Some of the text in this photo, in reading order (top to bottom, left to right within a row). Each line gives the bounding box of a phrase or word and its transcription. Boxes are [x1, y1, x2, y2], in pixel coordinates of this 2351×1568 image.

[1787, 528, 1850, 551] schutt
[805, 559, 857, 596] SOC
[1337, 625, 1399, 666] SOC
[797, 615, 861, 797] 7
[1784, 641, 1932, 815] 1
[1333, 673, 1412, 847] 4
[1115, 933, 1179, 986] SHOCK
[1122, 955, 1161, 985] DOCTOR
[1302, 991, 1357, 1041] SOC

※ ※ ※

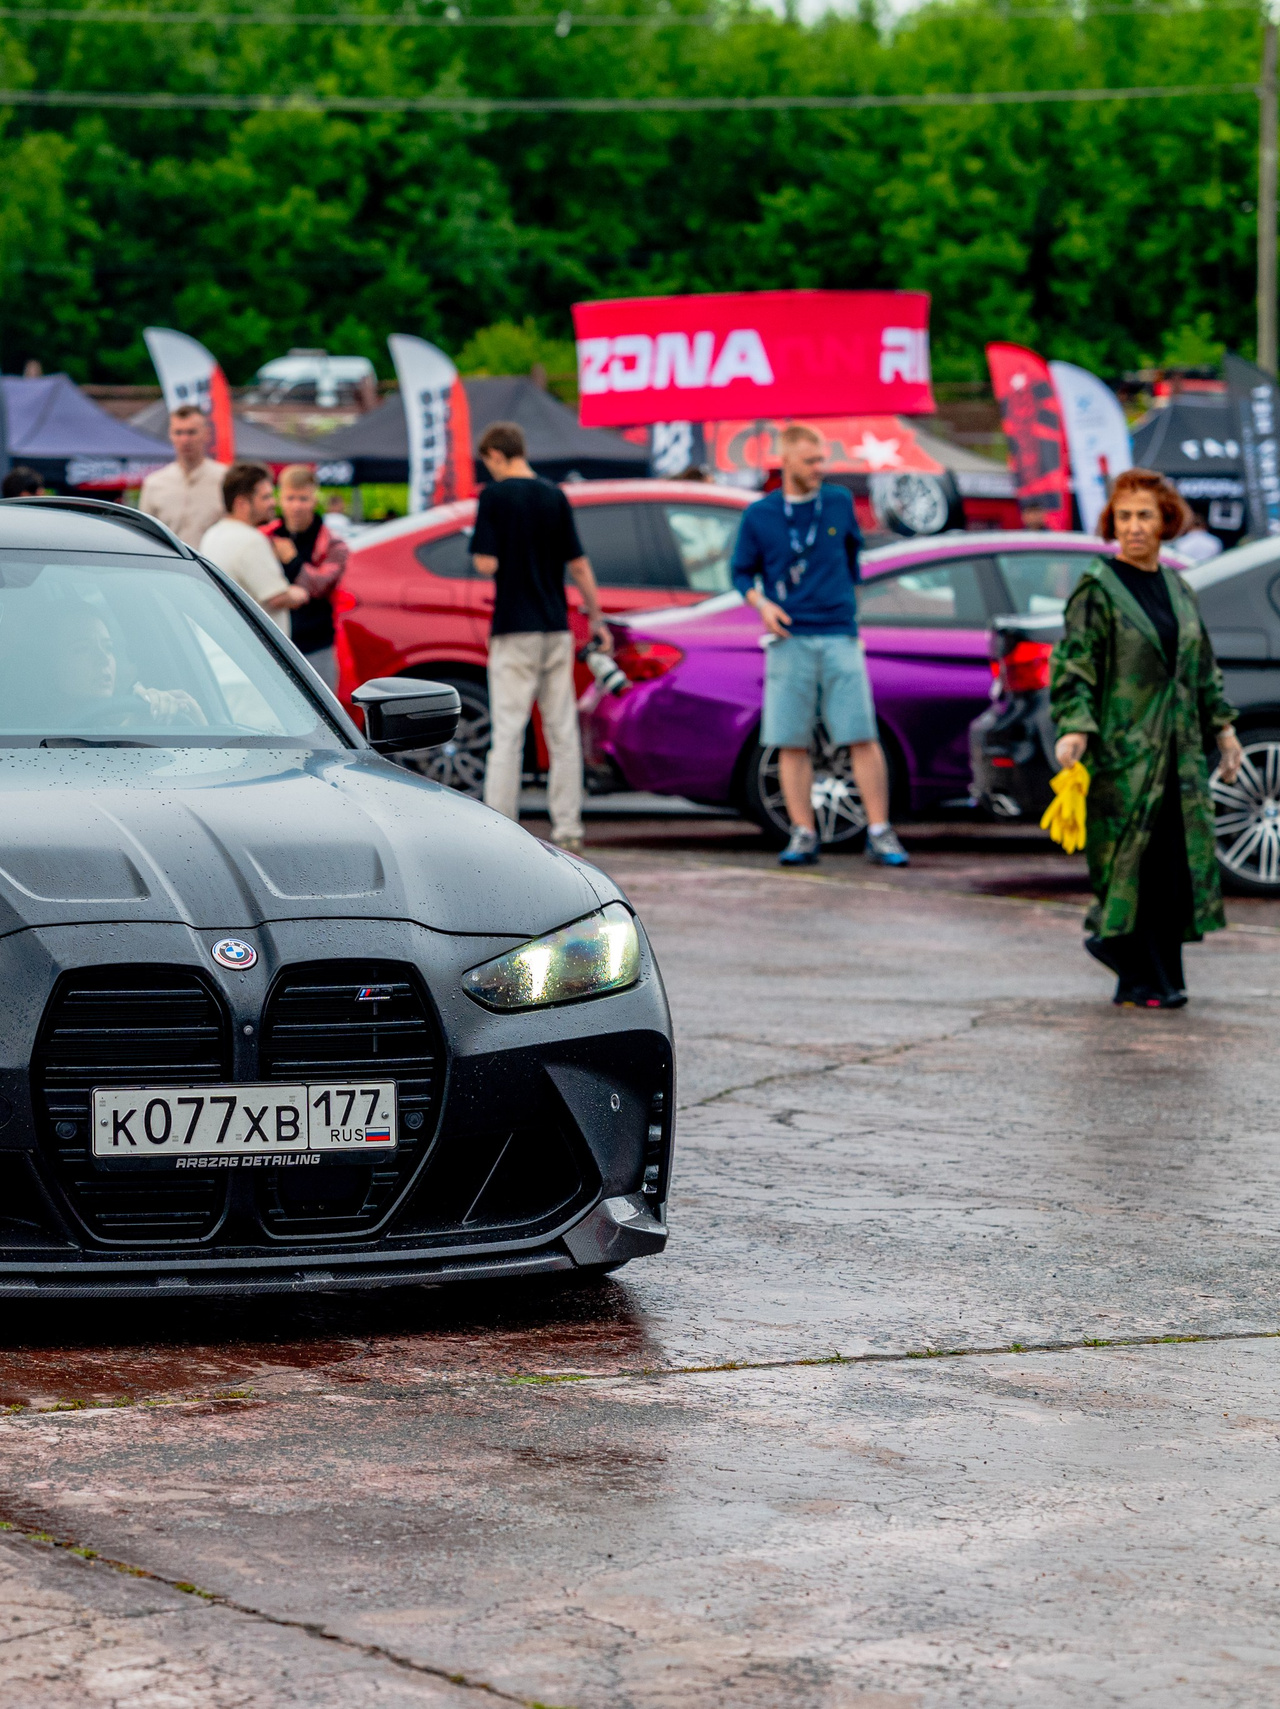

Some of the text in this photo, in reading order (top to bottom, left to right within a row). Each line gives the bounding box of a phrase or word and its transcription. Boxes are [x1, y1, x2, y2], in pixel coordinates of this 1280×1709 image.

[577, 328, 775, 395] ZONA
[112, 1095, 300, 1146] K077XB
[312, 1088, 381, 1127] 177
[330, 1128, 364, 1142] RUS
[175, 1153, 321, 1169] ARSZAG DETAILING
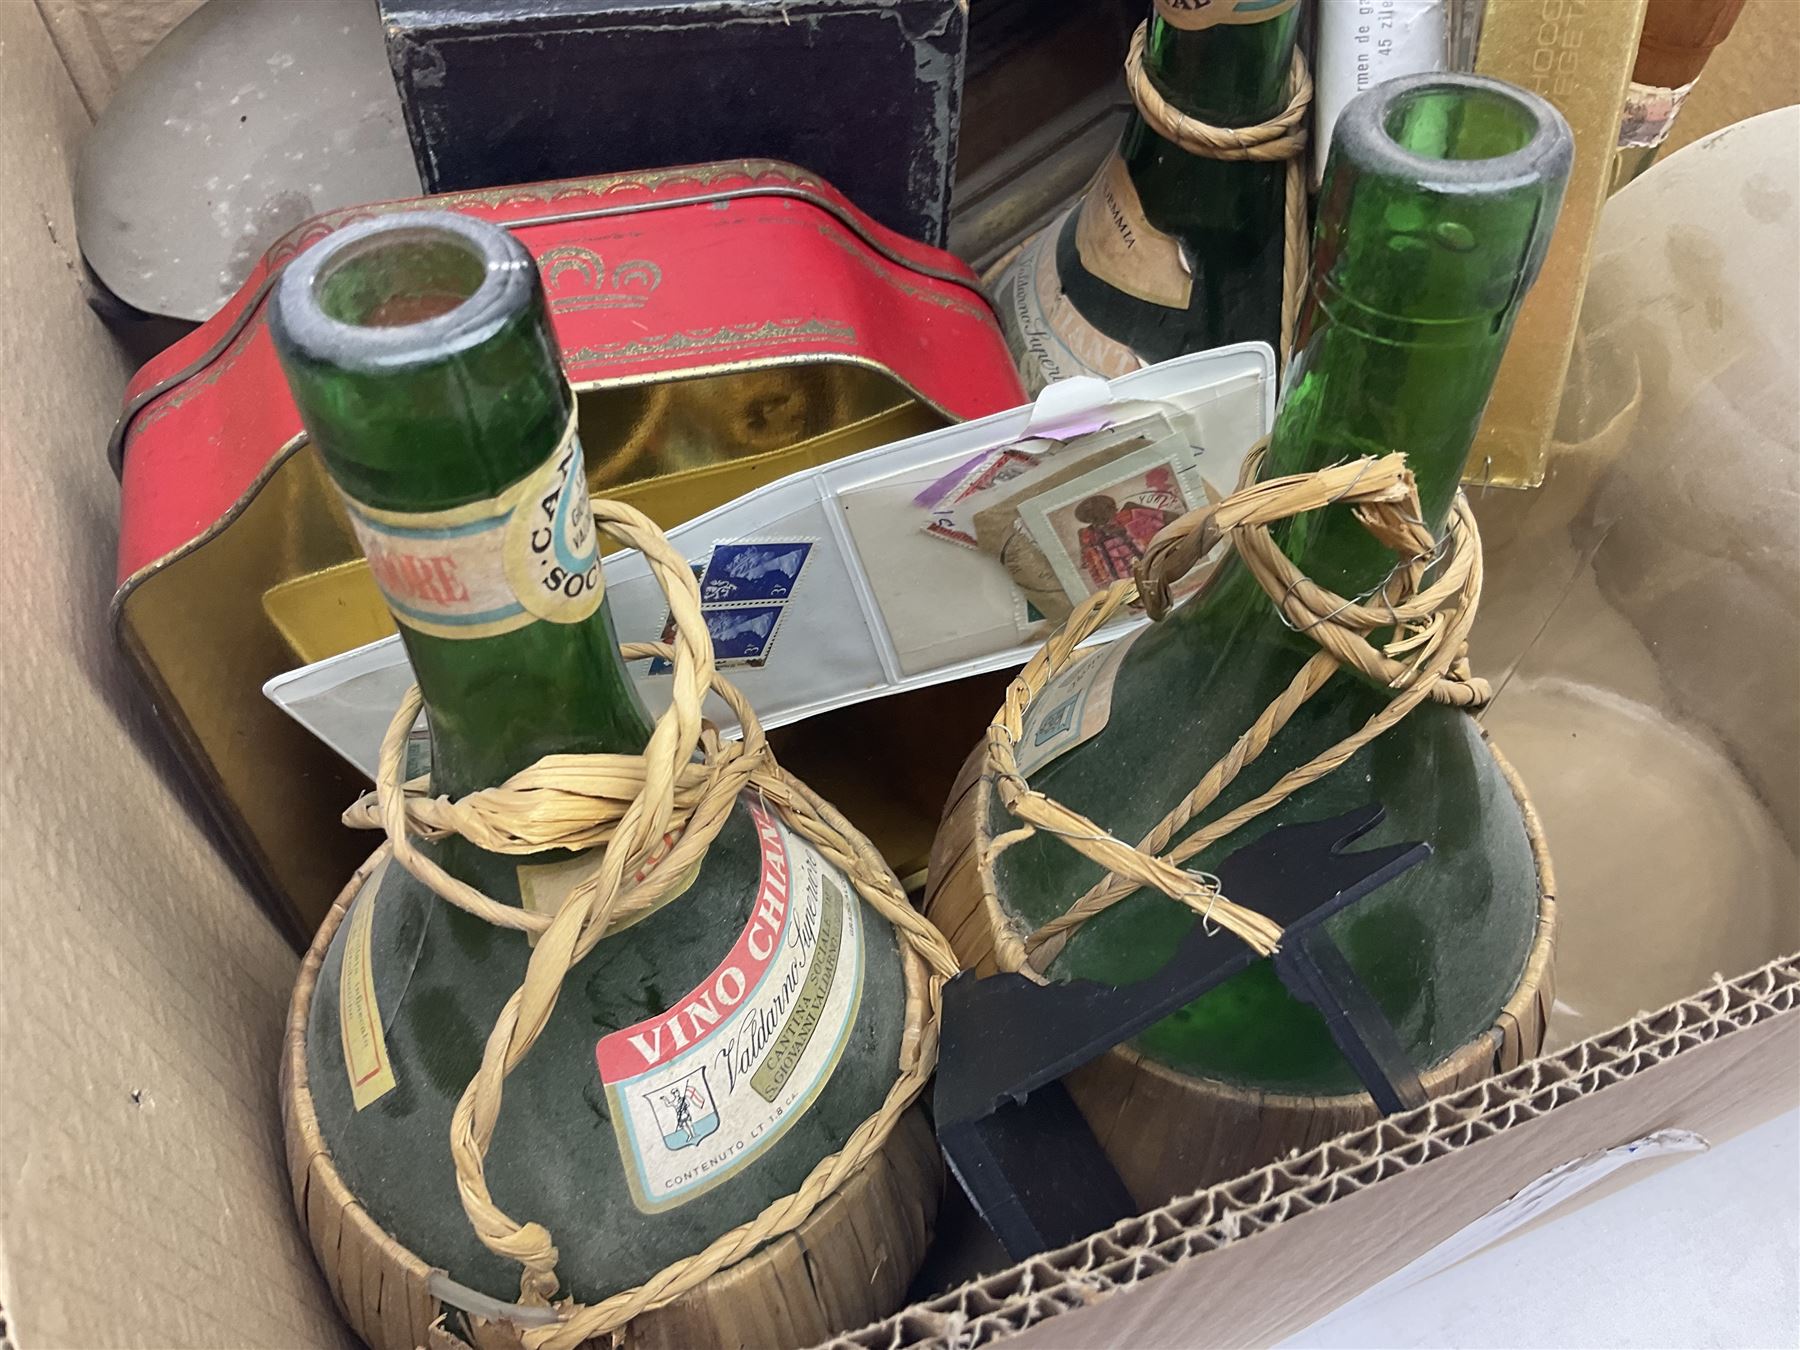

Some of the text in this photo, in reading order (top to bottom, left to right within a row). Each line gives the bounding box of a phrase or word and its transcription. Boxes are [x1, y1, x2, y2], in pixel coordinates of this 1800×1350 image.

※ ※ ※

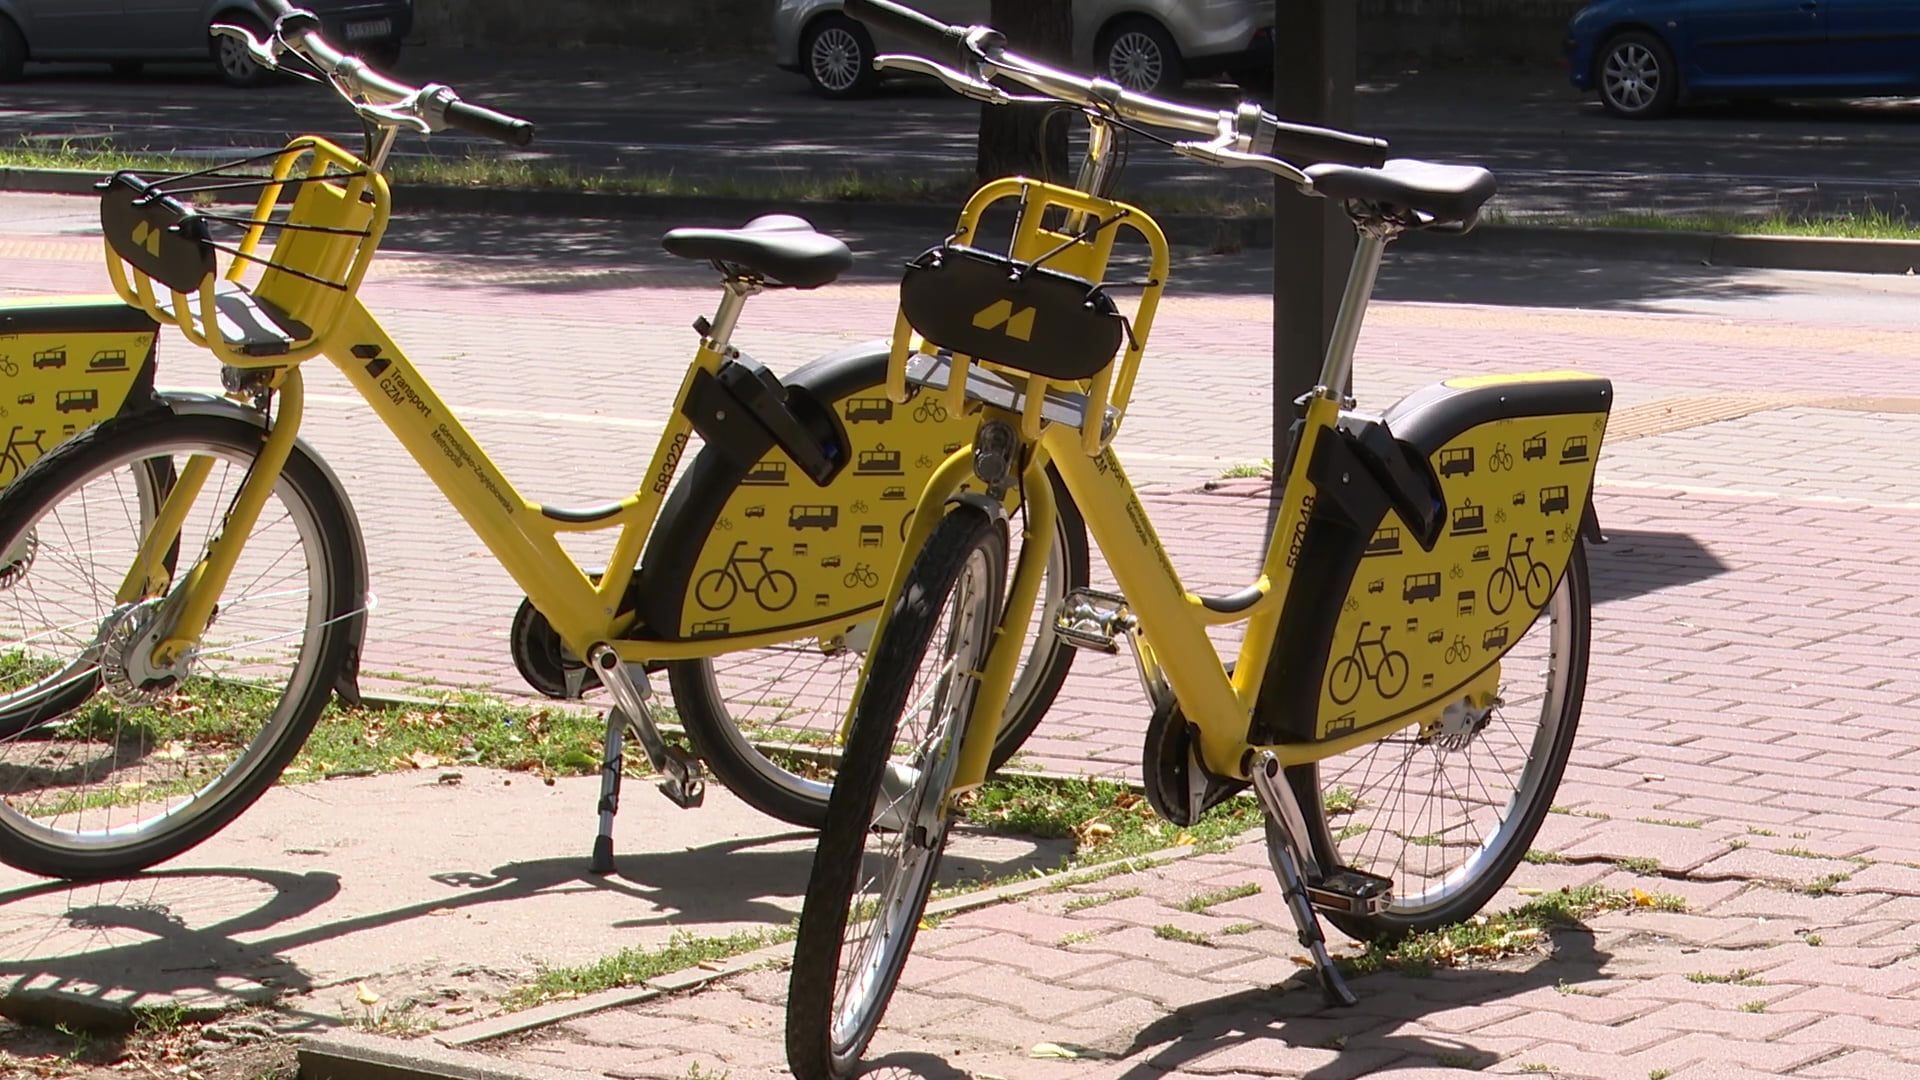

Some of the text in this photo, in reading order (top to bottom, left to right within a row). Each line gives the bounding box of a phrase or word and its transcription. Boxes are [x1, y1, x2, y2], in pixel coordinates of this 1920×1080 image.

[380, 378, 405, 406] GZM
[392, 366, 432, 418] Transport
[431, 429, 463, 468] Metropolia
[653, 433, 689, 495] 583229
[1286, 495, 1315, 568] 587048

※ ※ ※

Work request
Take the material above and output only the lines from the one that contains "this 1280×1709 image." through the one that contains "this 1800×1350 image.", ends included and images left out.

Your response
Some of the text in this photo, in reading order (top to bottom, left to right within a row). Each line gives the bounding box of a phrase or word and its transcription. Boxes are [x1, y1, x2, y2], in pixel coordinates of this 1280×1709 image.

[577, 328, 775, 395] ZONA
[112, 1095, 300, 1146] K077XB
[312, 1088, 381, 1127] 177
[330, 1128, 364, 1142] RUS
[175, 1153, 321, 1169] ARSZAG DETAILING

Some of the text in this photo, in reading order (top to bottom, left to right within a row). Each line gives the bounding box of a phrase or word and its transcription. Boxes are [x1, y1, x2, y2], in pixel coordinates of this 1800×1350 image.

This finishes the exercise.